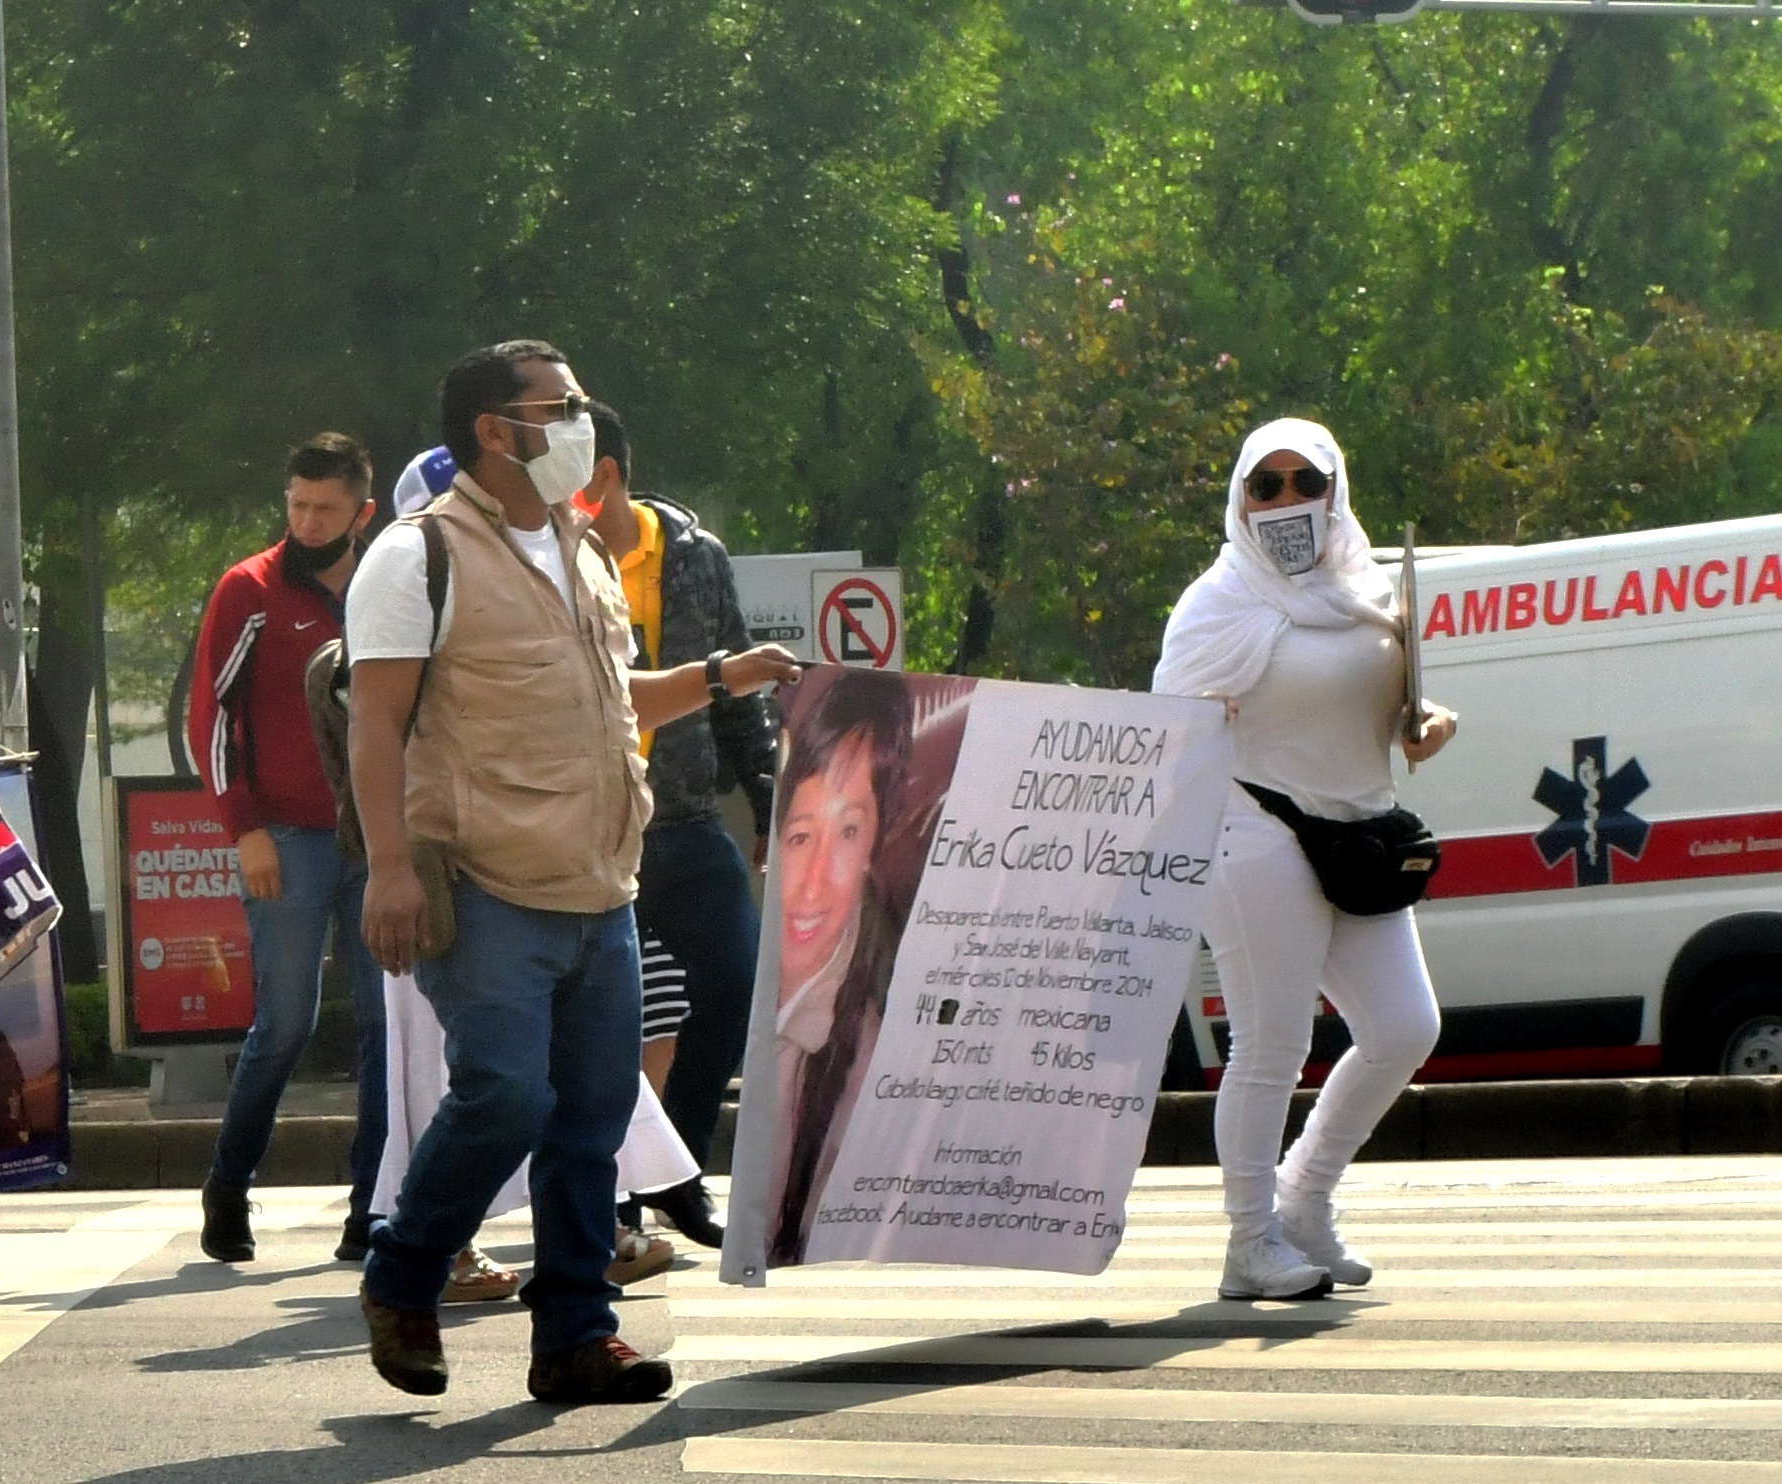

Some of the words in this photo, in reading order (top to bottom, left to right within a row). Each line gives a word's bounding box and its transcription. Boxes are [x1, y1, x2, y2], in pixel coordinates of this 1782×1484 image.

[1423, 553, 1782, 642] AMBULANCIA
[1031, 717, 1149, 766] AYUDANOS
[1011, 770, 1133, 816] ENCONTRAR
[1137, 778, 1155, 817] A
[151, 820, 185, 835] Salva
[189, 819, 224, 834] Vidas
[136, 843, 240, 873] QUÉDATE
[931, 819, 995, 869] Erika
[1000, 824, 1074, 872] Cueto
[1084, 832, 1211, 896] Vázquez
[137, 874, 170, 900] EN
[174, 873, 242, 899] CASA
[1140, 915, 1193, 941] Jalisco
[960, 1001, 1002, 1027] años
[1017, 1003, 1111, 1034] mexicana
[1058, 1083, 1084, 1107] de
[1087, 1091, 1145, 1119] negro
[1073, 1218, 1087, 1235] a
=-=-=-=-=
- **Prompt**:
Each entry needs to be retyped exactly; the pictures stay out.

- **Response below**:
Some of the words in this photo, in reading order (top to bottom, left to right within a row). Each line gives a word's bounding box and its transcription. Boxes are [x1, y1, x2, y2], in pixel coordinates of this 1782×1484 image.

[1423, 553, 1782, 642] AMBULANCIA
[1031, 717, 1149, 766] AYUDANOS
[1011, 770, 1133, 816] ENCONTRAR
[1137, 778, 1155, 817] A
[151, 820, 185, 835] Salva
[189, 819, 224, 834] Vidas
[136, 843, 240, 873] QUÉDATE
[931, 819, 995, 869] Erika
[1000, 824, 1074, 872] Cueto
[1084, 832, 1211, 896] Vázquez
[137, 874, 170, 900] EN
[174, 873, 242, 899] CASA
[1140, 915, 1193, 941] Jalisco
[960, 1001, 1002, 1027] años
[1017, 1003, 1111, 1034] mexicana
[1058, 1083, 1084, 1107] de
[1087, 1091, 1145, 1119] negro
[1073, 1218, 1087, 1235] a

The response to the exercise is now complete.